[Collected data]
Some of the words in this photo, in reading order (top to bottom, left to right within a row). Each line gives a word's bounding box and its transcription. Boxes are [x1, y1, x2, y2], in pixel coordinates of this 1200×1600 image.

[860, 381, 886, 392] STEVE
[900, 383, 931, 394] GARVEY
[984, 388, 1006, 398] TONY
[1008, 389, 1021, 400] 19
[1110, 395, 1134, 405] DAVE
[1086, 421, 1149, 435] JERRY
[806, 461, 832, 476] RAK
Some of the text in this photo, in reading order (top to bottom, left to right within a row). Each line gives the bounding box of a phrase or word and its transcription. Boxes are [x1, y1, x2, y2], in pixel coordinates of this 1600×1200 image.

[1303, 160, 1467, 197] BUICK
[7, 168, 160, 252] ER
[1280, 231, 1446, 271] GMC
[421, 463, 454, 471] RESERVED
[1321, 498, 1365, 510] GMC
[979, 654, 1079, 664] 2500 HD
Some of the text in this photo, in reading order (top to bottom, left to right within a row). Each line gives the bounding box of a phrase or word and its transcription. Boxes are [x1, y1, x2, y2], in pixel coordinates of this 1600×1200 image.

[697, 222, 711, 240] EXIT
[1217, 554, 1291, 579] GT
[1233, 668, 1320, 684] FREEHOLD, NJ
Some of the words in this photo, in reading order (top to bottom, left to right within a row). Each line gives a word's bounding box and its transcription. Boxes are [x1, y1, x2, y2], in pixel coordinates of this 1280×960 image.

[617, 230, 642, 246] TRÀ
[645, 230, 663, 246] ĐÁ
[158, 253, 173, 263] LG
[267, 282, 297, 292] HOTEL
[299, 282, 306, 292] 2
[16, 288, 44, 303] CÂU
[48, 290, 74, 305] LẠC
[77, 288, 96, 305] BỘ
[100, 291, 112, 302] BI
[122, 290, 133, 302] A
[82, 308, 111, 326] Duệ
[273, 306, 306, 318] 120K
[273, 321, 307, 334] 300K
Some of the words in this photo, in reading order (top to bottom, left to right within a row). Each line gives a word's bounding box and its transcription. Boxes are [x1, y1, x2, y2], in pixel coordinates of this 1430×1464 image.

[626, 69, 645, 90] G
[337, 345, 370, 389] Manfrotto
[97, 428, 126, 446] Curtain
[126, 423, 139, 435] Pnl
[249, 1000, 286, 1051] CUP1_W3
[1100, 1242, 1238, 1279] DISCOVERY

▸ WORK INSTRUCTIONS
Each record above should be repeated exactly as it appears.

▸ PROBLEM SOLUTION
Some of the words in this photo, in reading order (top to bottom, left to right within a row). Each line gives a word's bounding box and its transcription. Boxes are [x1, y1, x2, y2], in pixel coordinates of this 1200×1600 image.

[860, 381, 886, 392] STEVE
[900, 383, 931, 394] GARVEY
[984, 388, 1006, 398] TONY
[1008, 389, 1021, 400] 19
[1110, 395, 1134, 405] DAVE
[1086, 421, 1149, 435] JERRY
[806, 461, 832, 476] RAK
Some of the text in this photo, in reading order (top to bottom, left to right within a row). Each line gives the bounding box of a phrase or word and its transcription. Boxes are [x1, y1, x2, y2], in pixel coordinates of this 1600×1200 image.

[1303, 160, 1467, 197] BUICK
[7, 168, 160, 252] ER
[1280, 231, 1446, 271] GMC
[421, 463, 454, 471] RESERVED
[1321, 498, 1365, 510] GMC
[979, 654, 1079, 664] 2500 HD
Some of the text in this photo, in reading order (top to bottom, left to right within a row). Each line gives the bounding box of a phrase or word and its transcription. Boxes are [x1, y1, x2, y2], in pixel coordinates of this 1600×1200 image.

[697, 222, 711, 240] EXIT
[1217, 554, 1291, 579] GT
[1233, 668, 1320, 684] FREEHOLD, NJ
Some of the words in this photo, in reading order (top to bottom, left to right within a row). Each line gives a word's bounding box and its transcription. Boxes are [x1, y1, x2, y2], in pixel coordinates of this 1280×960 image.

[617, 230, 642, 246] TRÀ
[645, 230, 663, 246] ĐÁ
[158, 253, 173, 263] LG
[267, 282, 297, 292] HOTEL
[299, 282, 306, 292] 2
[16, 288, 44, 303] CÂU
[48, 290, 74, 305] LẠC
[77, 288, 96, 305] BỘ
[100, 291, 112, 302] BI
[122, 290, 133, 302] A
[82, 308, 111, 326] Duệ
[273, 306, 306, 318] 120K
[273, 321, 307, 334] 300K
Some of the words in this photo, in reading order (top to bottom, left to right within a row). Each line gives a word's bounding box and its transcription. Boxes are [x1, y1, x2, y2], in pixel coordinates of this 1430×1464 image.

[626, 69, 645, 90] G
[337, 345, 370, 389] Manfrotto
[97, 428, 126, 446] Curtain
[126, 423, 139, 435] Pnl
[249, 1000, 286, 1051] CUP1_W3
[1100, 1242, 1238, 1279] DISCOVERY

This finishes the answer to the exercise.